XII.GENERAL PROVISIONS

 

A.           Nothing in the Plan shall confer upon the Participant any right to continue in the employ of the Corporation or any Corporate Affiliate for any period of specific duration or interfere with or otherwise restrict in any way the rights of the Corporation (or any Corporate Affiliate employing such person) or of the Participant, which rights are hereby expressly reserved by each, to terminate such person’s employment at any time for any reason, with or without cause.

 

B.            The Code Section 423(b) Plan is exempt from the application of Section 409A. The Non-423(b) Plan is intended to be exempt from the application of Section 409A of the Code under the short-term deferral exception and any ambiguities shall be construed and interpreted in accordance with such intent.
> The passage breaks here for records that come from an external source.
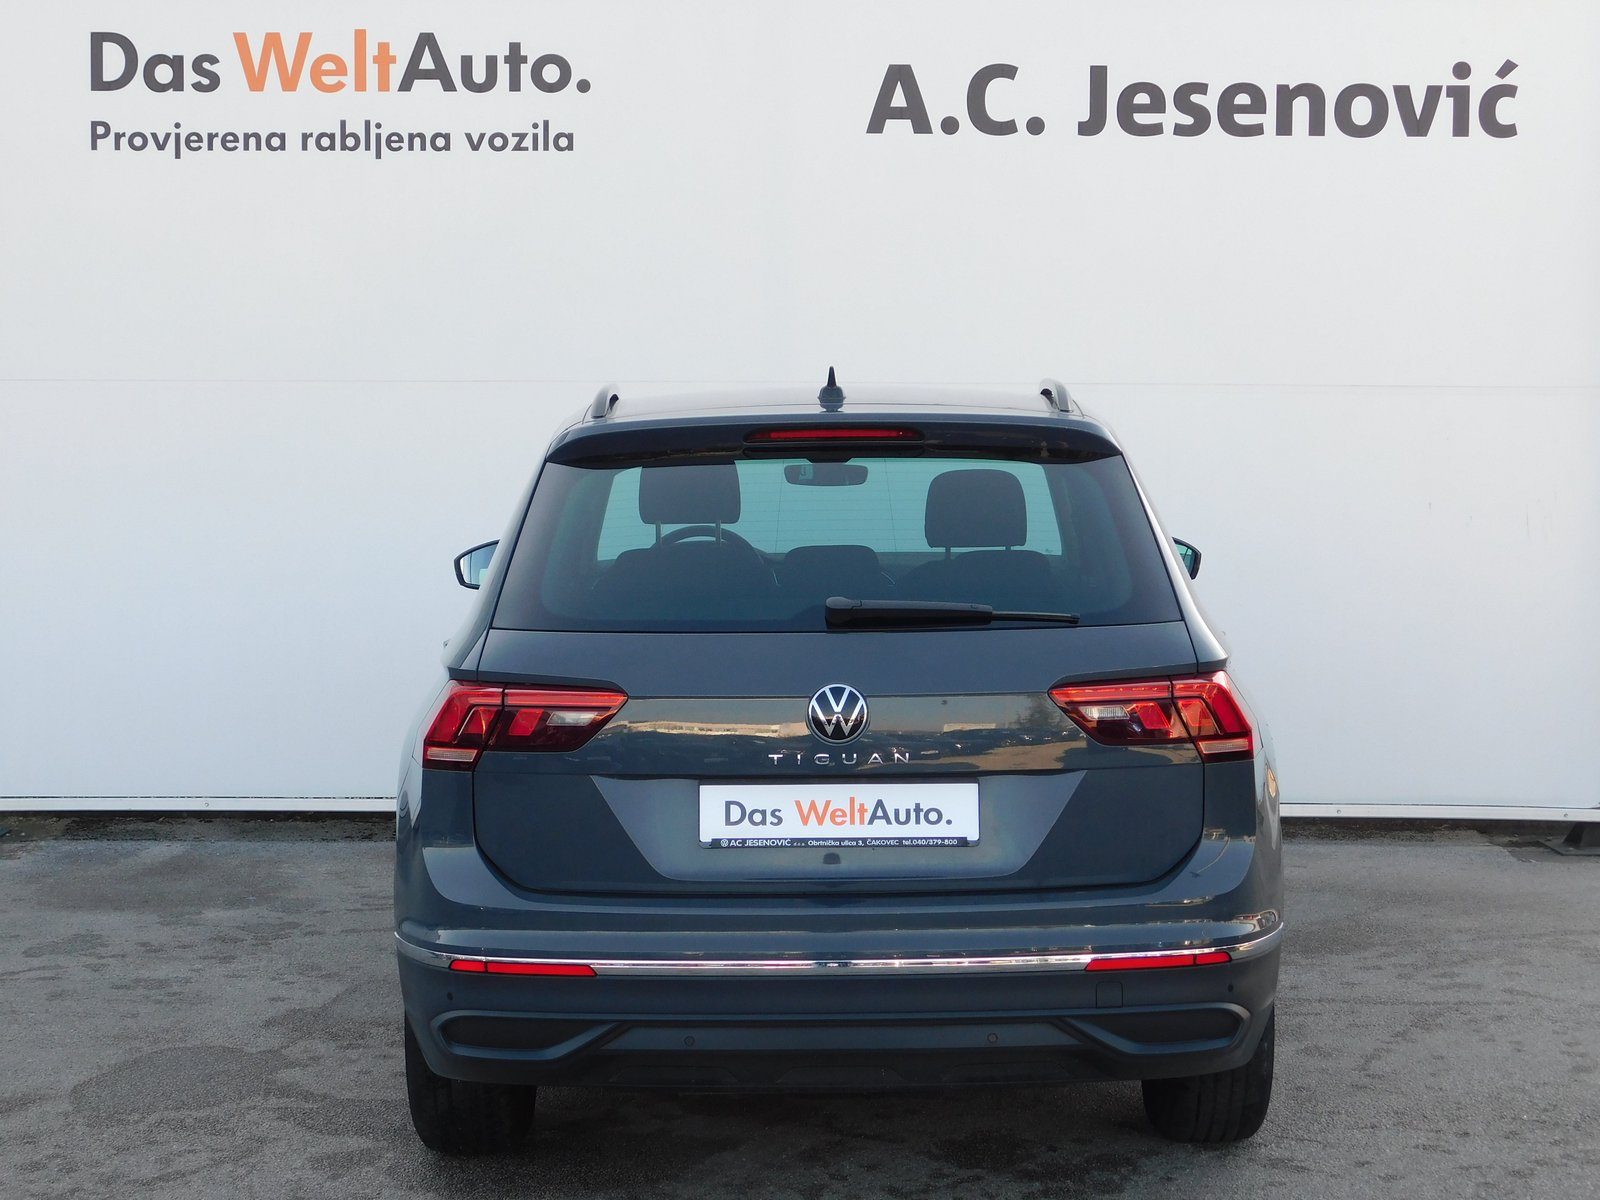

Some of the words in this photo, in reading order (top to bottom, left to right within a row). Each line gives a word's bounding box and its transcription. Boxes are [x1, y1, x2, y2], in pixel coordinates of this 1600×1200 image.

[91, 32, 220, 92] Das
[234, 29, 591, 93] WeltAuto.
[866, 64, 1045, 136] A.C.
[1078, 60, 1519, 138] Jesenović
[91, 121, 286, 159] Provjerena
[301, 120, 451, 159] rabljena
[465, 120, 574, 152] vozila
[768, 753, 910, 766] TIGUAN
[725, 801, 783, 826] Das
[794, 797, 953, 826] WeltAuto.
[729, 839, 743, 847] AC
[744, 838, 792, 847] JESENOVIĆ
[841, 839, 857, 847] ulica
[866, 838, 900, 847] ČAKOVEC
Except as provided in Article XII (C) hereof, in the case of a Participant who would otherwise be subject to Section 409A of the Code, to the extent the Plan Administrator determines that a purchase right or the exercise, payment, settlement or deferral thereof is subject to Section 409A of the Code, the purchase right shall be granted, exercised, paid, settled or deferred in a manner that will comply with Section 409A of the Code, including Department of Treasury regulations and other interpretive guidance issued thereunder, including without limitation any such regulations or other guidance that may be issued after the date the Plan became effective. Anything in the foregoing to the contrary notwithstanding, the Corporation shall have no liability to a Participant or any other party if the purchase right that is intended to be exempt from, or compliant with, Section 409A of the Code is not so exempt or compliant or for any action taken by the Committee with respect thereto.

 

C.            Although the Corporation may endeavor to (1) qualify a purchase right for favorable tax treatment under the laws of the United States or jurisdictions outside of the United States or (2) avoid adverse tax treatment (e.g., under Section 409A of the Code), the Corporation makes no representation to that effect and expressly disavows any covenant to maintain favorable or avoid unfavorable tax treatment, anything to the contrary in this Plan, including Article XII (B) hereof, notwithstanding. The Corporation shall be unconstrained in its corporate activities without regard to the potential negative tax impact on Participants under the Plan.

 

D.            All costs and expenses incurred in the administration of the Plan shall be paid by the Corporation; however, each Plan Participant shall bear all costs and expenses incurred by such individual in the sale or other disposition of any shares purchased under the Plan.

 

E.            The provisions of the Plan shall be governed by the laws of the State of Texas without regard to that State’s conflict-of-laws rules.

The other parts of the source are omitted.